MATERIAL FOR THIS TASK >>
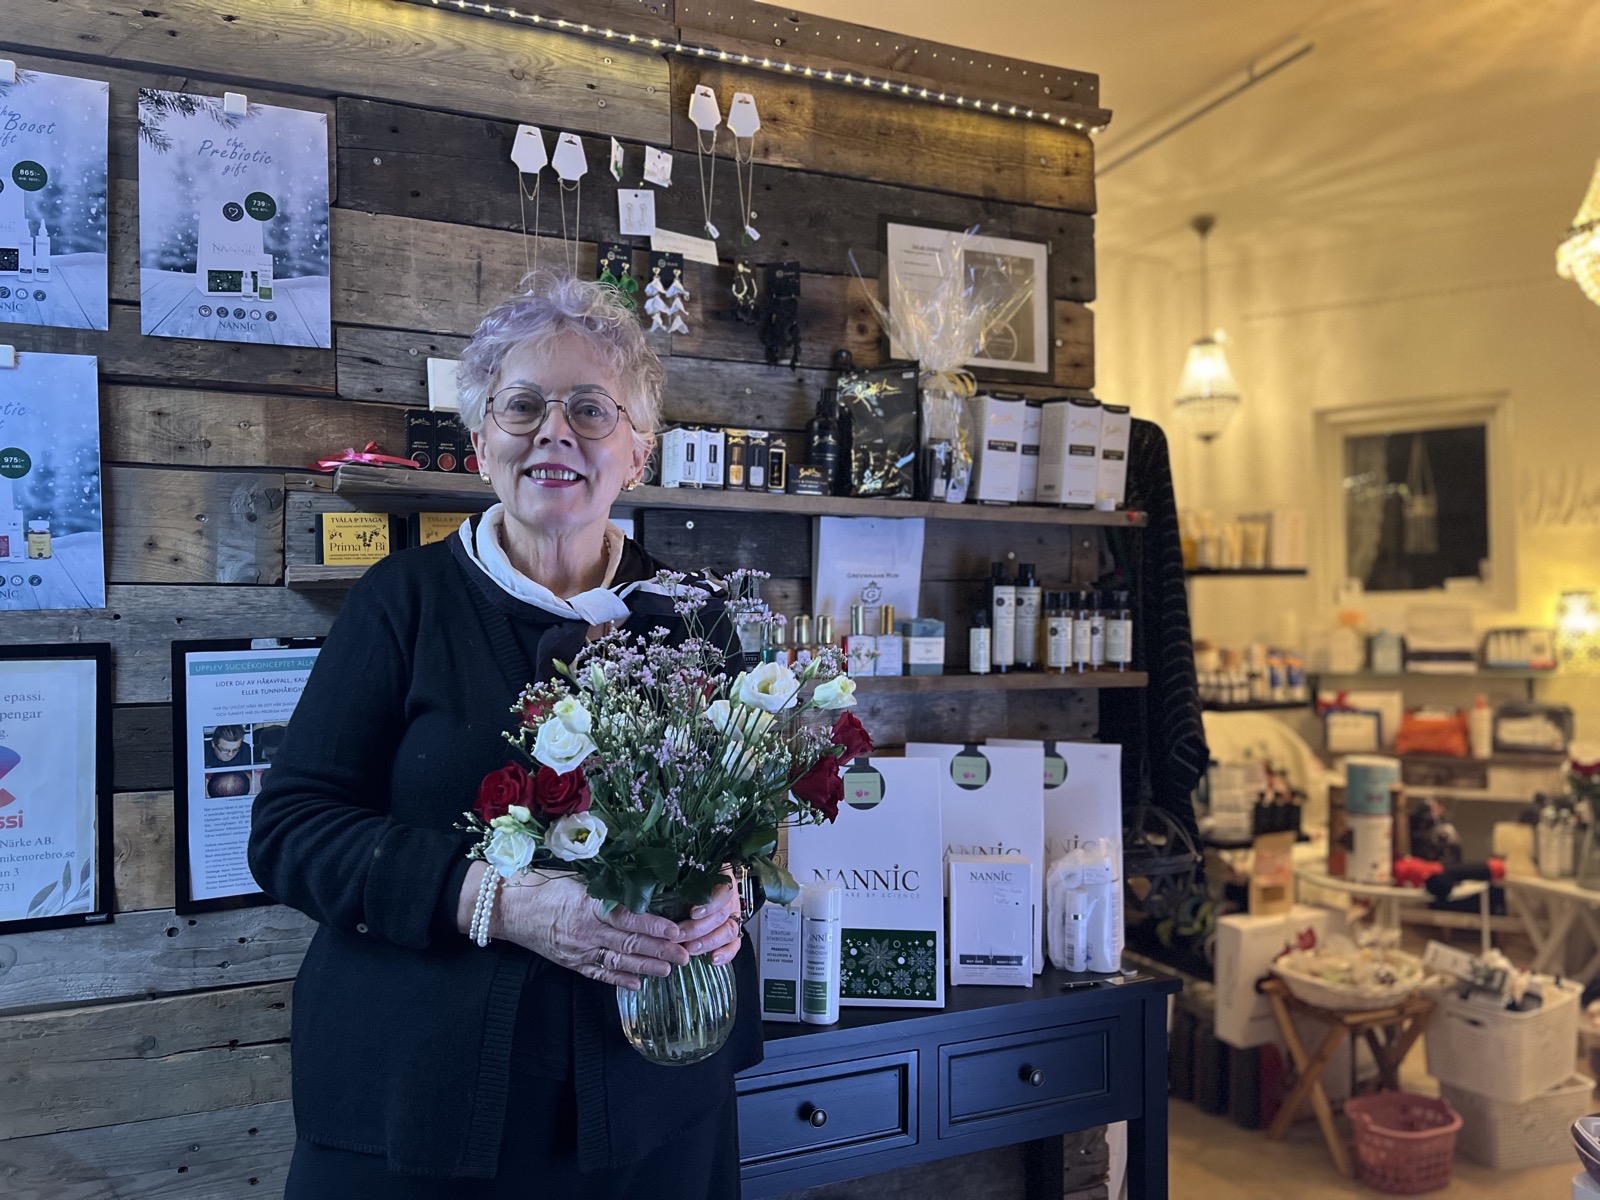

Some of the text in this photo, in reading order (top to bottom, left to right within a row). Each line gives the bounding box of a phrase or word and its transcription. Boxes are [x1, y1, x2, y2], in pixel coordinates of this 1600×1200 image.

[4, 113, 56, 134] Boost
[226, 137, 244, 148] the
[198, 139, 272, 164] Prebiotic
[222, 162, 248, 177] gift
[219, 319, 257, 332] NANNIC
[330, 542, 385, 552] Prima Bi
[195, 664, 223, 673] UPPLEV
[215, 680, 234, 688] LIDER
[3, 690, 45, 704] epassi.
[261, 687, 305, 695] TUNNHÅRIGH
[0, 710, 43, 722] pengar
[0, 836, 55, 849] Närke AB.
[13, 867, 20, 877] 3
[811, 863, 920, 892] NANNIC
[969, 870, 1012, 882] NANNIC

WHAT YOU HAVE TO DO >>
Write down all the entries exactly, but not the pictures they hold.

WRITTEN SOLUTION >>
Some of the text in this photo, in reading order (top to bottom, left to right within a row). Each line gives the bounding box of a phrase or word and its transcription. Boxes are [x1, y1, x2, y2], in pixel coordinates of this 1600×1200 image.

[4, 113, 56, 134] Boost
[226, 137, 244, 148] the
[198, 139, 272, 164] Prebiotic
[222, 162, 248, 177] gift
[219, 319, 257, 332] NANNIC
[330, 542, 385, 552] Prima Bi
[195, 664, 223, 673] UPPLEV
[215, 680, 234, 688] LIDER
[3, 690, 45, 704] epassi.
[261, 687, 305, 695] TUNNHÅRIGH
[0, 710, 43, 722] pengar
[0, 836, 55, 849] Närke AB.
[13, 867, 20, 877] 3
[811, 863, 920, 892] NANNIC
[969, 870, 1012, 882] NANNIC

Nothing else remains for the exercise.